Für ihre Untersuchung konzentrierten sich die Forschenden auf die sogenannten B-Gedächtniszellen des Immunsystems. Diese werden nach einem Erstkontakt mit einem Erreger oder durch eine Impfung in den Keimzentren in nächstgelegenen Lymphknoten gebildet und sind wichtig für ein langanhaltendes Immungedächtnis. Einige B-Gedächtniszellen durchlaufen mehrere Reifezyklen in den Keimzentren, wodurch die Affinität der Rezeptoren für die Antigene des Erregers spezifischer wird. Bei einem erneuten Kontakt mit dem Krankheitserreger oder den Antigenen einer Impfung wandeln sich ein Teil der B-Gedächtniszellen zu Plasmazellen um und bilden erneut Antikörper, die Krankheitserreger gezielter erkennen und bekämpfen können. Die Autorinnen und Autoren der Studie gingen der Frage nach, inwiefern der Injektionsort einer Zweitimpfung sich auf die Wiederverwendung und Weiterentwicklung bereits bestehender B-Gedächtniszellen auswirkt, die durch eine Erstimpfung gebildet wurden.

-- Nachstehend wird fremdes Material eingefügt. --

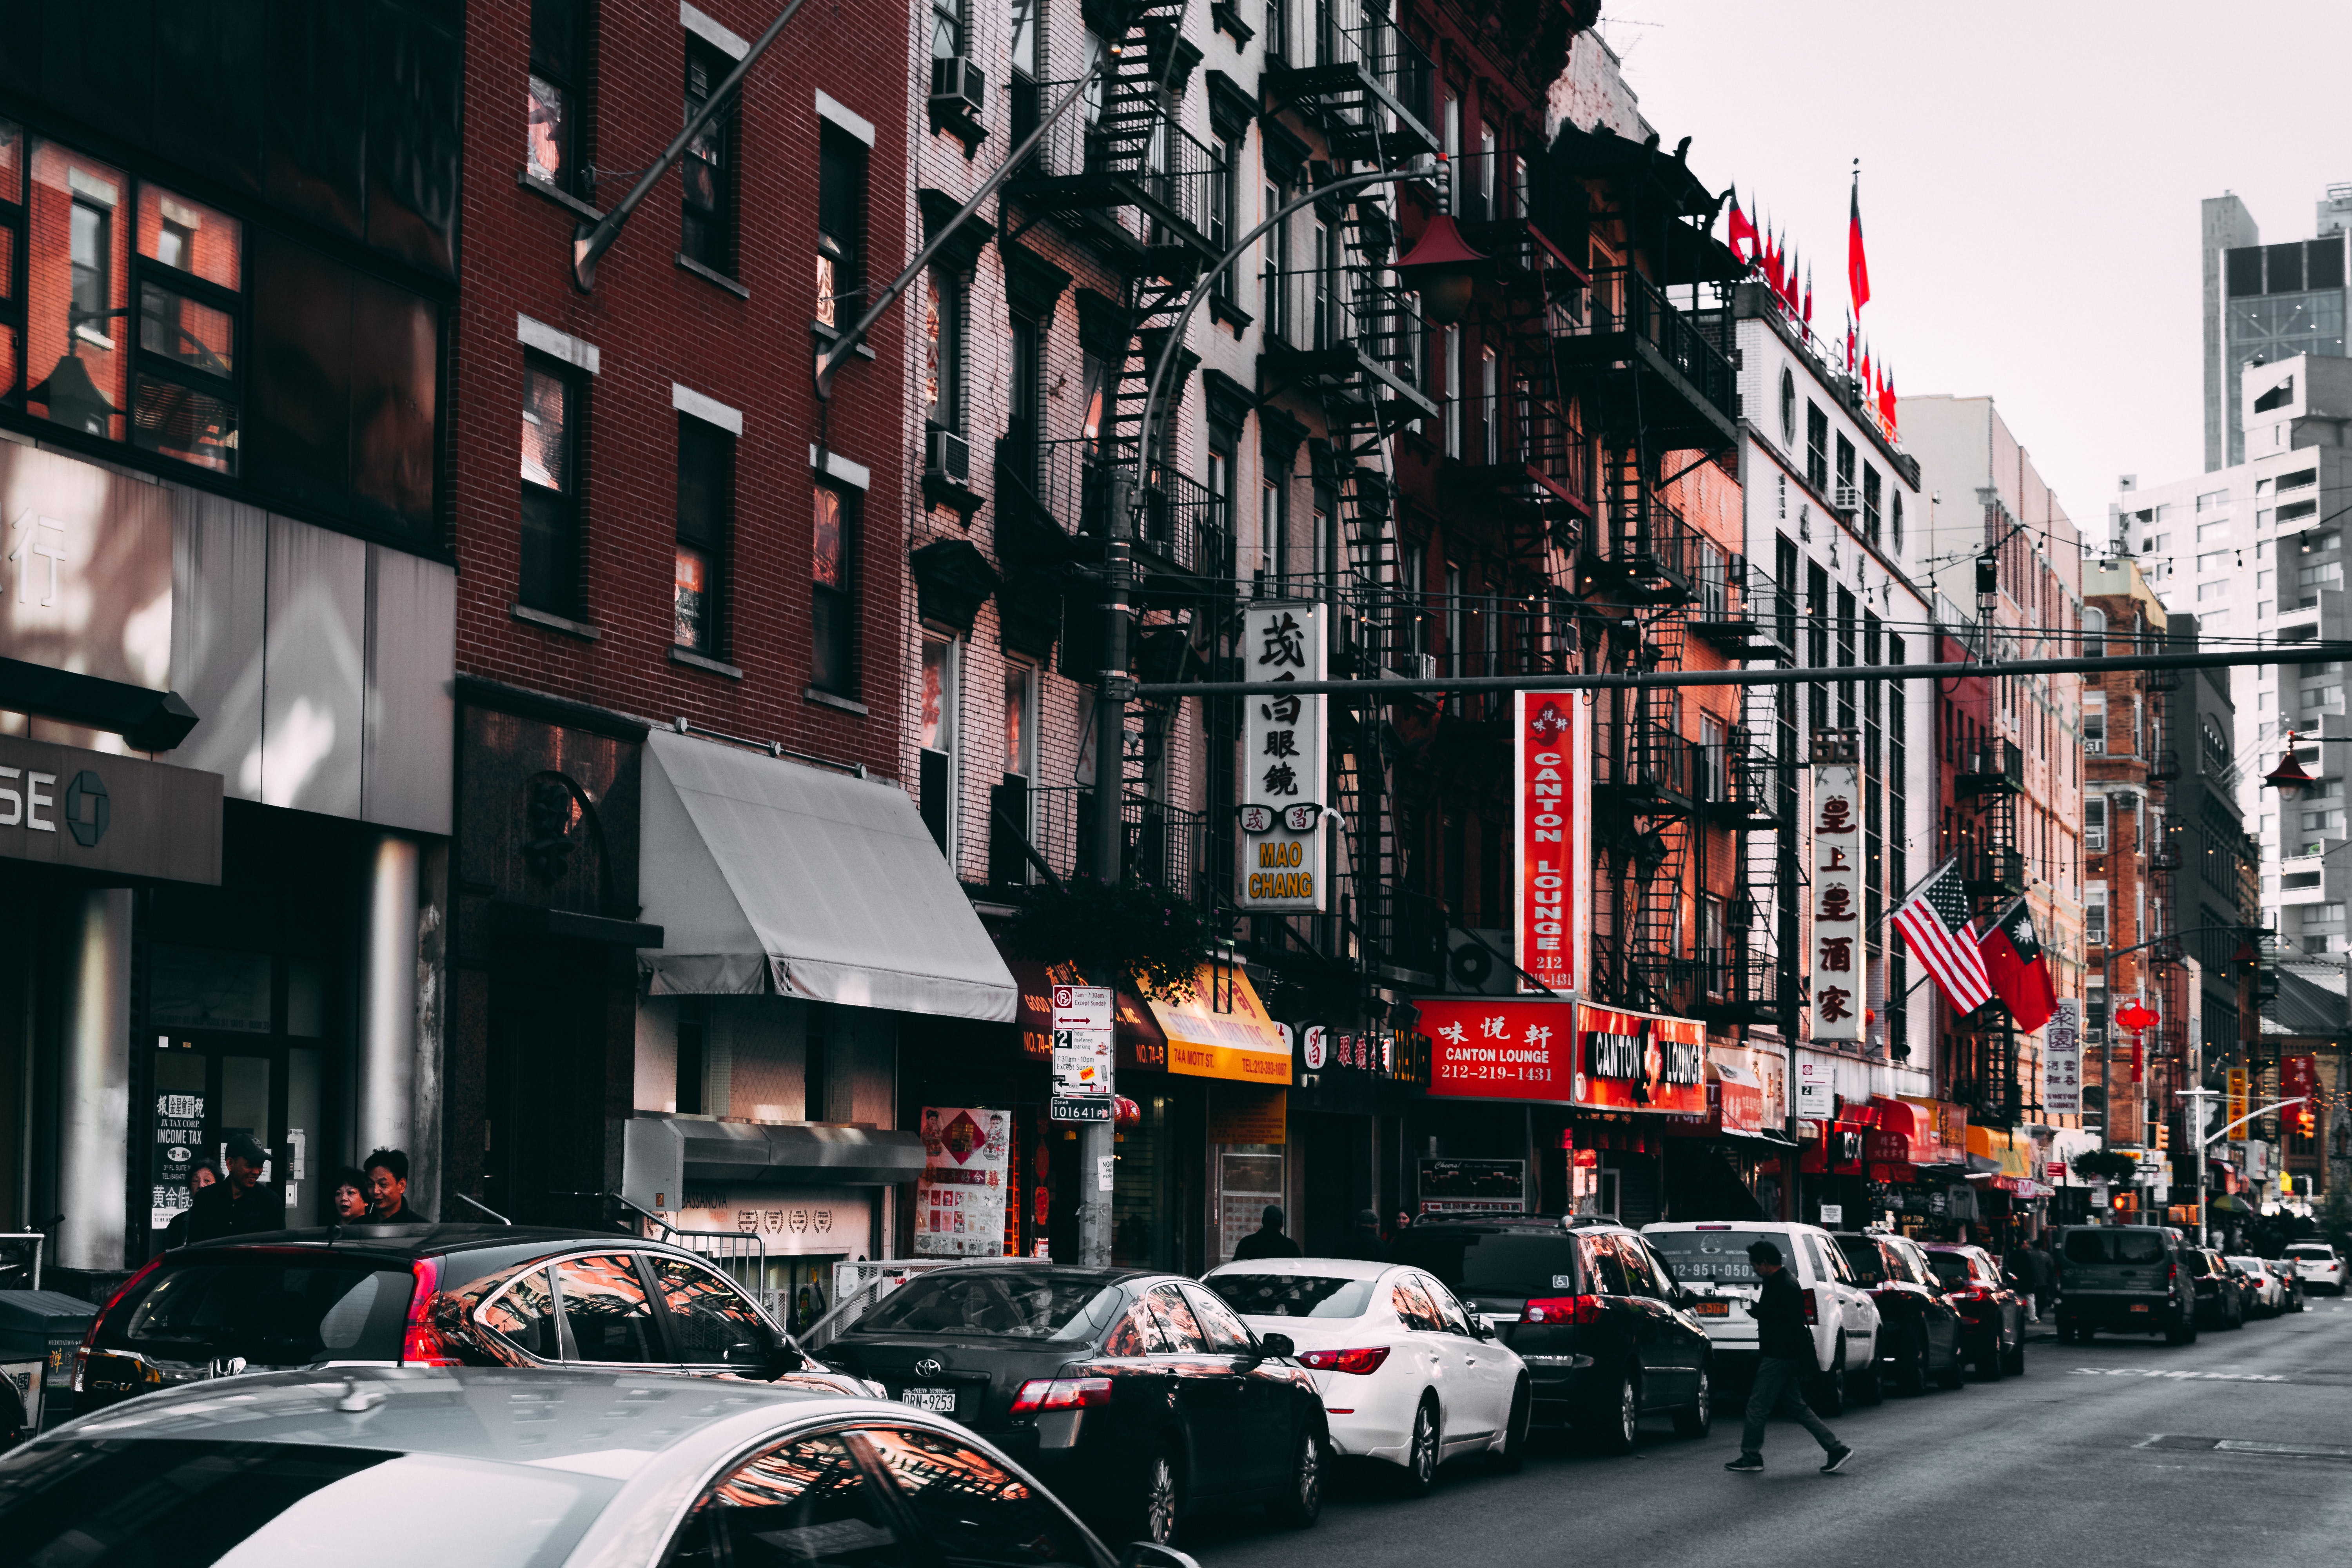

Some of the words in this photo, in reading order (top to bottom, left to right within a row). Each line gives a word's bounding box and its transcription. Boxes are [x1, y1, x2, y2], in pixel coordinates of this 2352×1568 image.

[0, 508, 65, 607] 行
[1259, 612, 1305, 795] 茂昌眼鏡
[1535, 753, 1563, 842] CANTON
[1259, 841, 1302, 869] MAO
[1249, 871, 1313, 900] CHANG
[1535, 860, 1563, 951] LOUNGE
[1536, 956, 1562, 969] 212
[1025, 994, 1050, 1013] GOOD
[1121, 1007, 1142, 1024] INC.
[1059, 1031, 1067, 1047] 2
[1168, 1012, 1217, 1039] SILVER
[1243, 1024, 1273, 1046] INC.
[1024, 1031, 1036, 1053] NO.
[1037, 1034, 1053, 1054] 74-B
[1136, 1044, 1147, 1063] NO.
[1149, 1046, 1164, 1065] 74-B
[1174, 1048, 1186, 1063] 74A
[1187, 1050, 1204, 1066] MOTT
[1205, 1053, 1214, 1068] ST.
[1446, 1048, 1495, 1061] CANTON
[1500, 1049, 1549, 1063] LOUNGE
[1596, 1031, 1640, 1078] CANTON
[1666, 1041, 1703, 1084] LOUNGE
[1441, 1065, 1552, 1081] 212-219-1431
[1054, 1107, 1094, 1117] 101641
[158, 1129, 186, 1144] INCOME
[189, 1130, 202, 1144] TAX
[682, 1191, 728, 1209] BASSANOVA
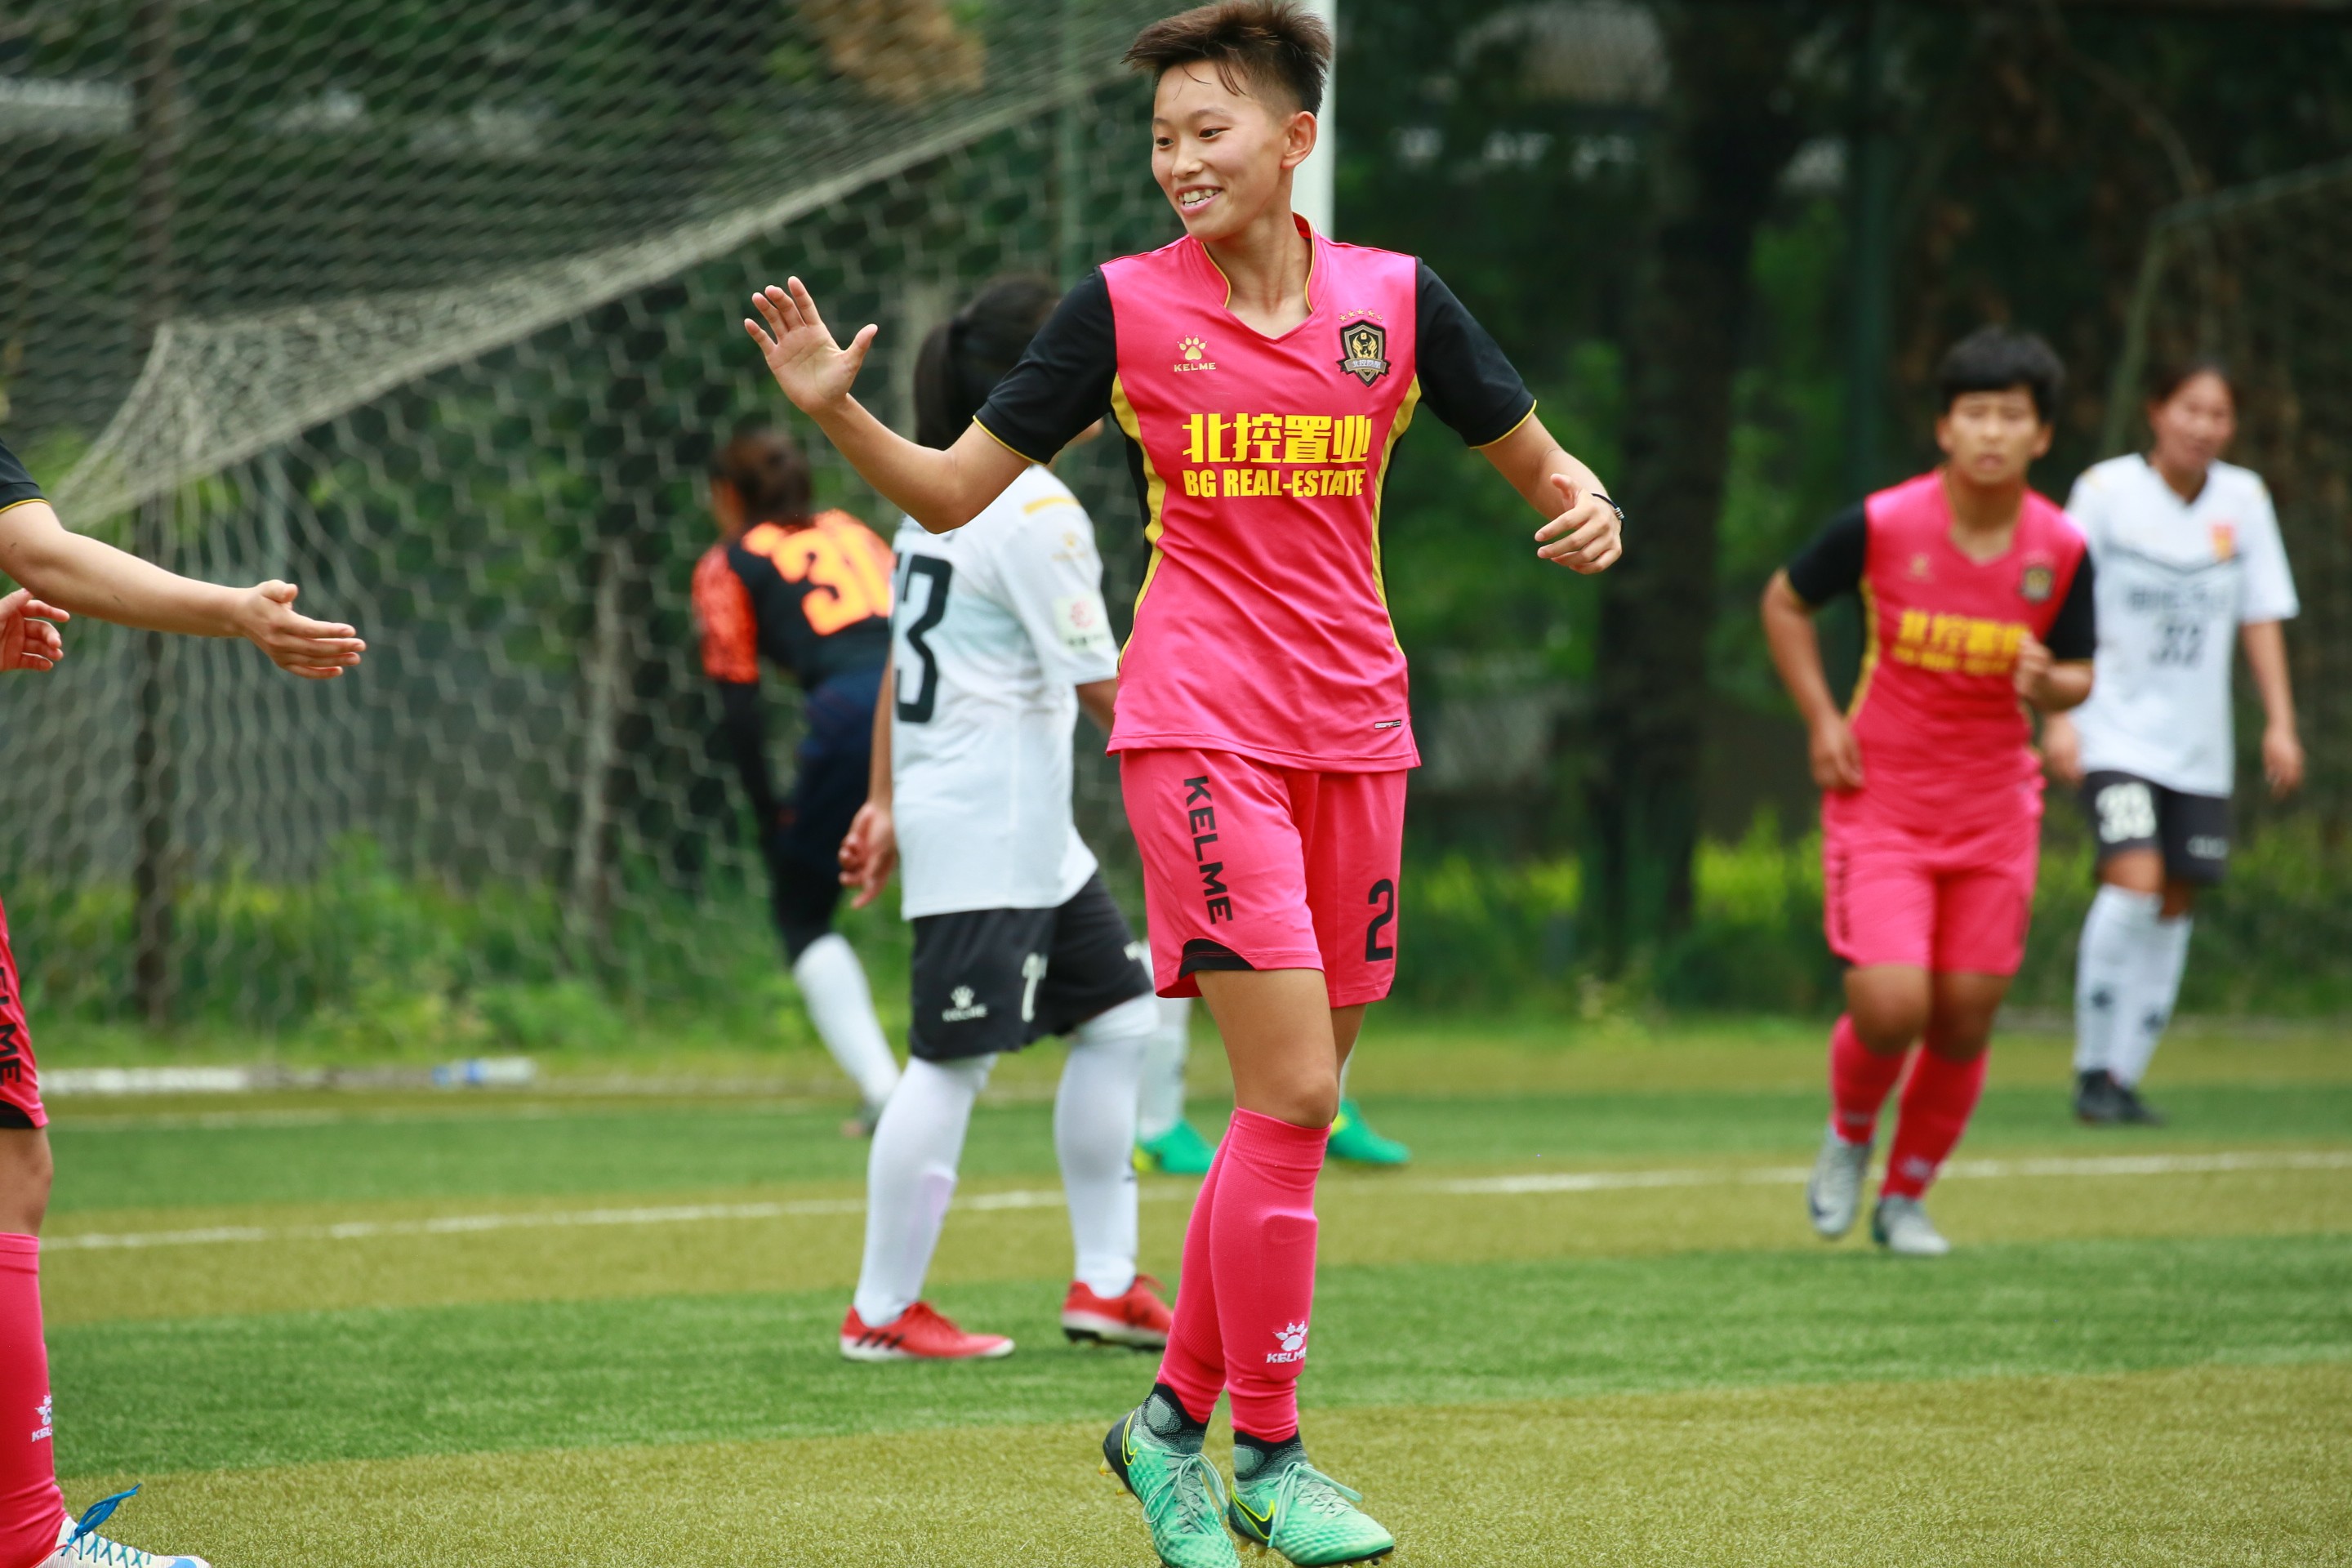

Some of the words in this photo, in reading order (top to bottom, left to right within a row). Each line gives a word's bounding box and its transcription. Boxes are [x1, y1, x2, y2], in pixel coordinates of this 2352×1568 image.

[1174, 362, 1217, 372] KELME
[1182, 412, 1372, 463] 北控置业
[1183, 469, 1217, 497] BG
[1223, 469, 1366, 497] REAL-ESTATE
[895, 551, 953, 724] 3
[1183, 775, 1233, 925] KELME
[1365, 878, 1394, 962] 2

Hierfür immunisierten sie Mäuse in der rechten hinteren Pfote mit einem Influenza-Proteinimpfstoff (Prime Impfung). Eine zweite Dosis (Booster) folgte dann ein bis drei Monate nach der ersten entweder in dieselbe oder gegenüberliegende Pfote. Sie konnten beobachten, dass eine Zweitimpfung an derselben Stelle wie die Erstimpfung zu einer effektiveren Wiederbelebung der Keimzentren und einer höheren Anzahl an spezifischen B-Zellen führte, als wenn die Impfung in weiter entfernteres Gewebe gegeben wurde.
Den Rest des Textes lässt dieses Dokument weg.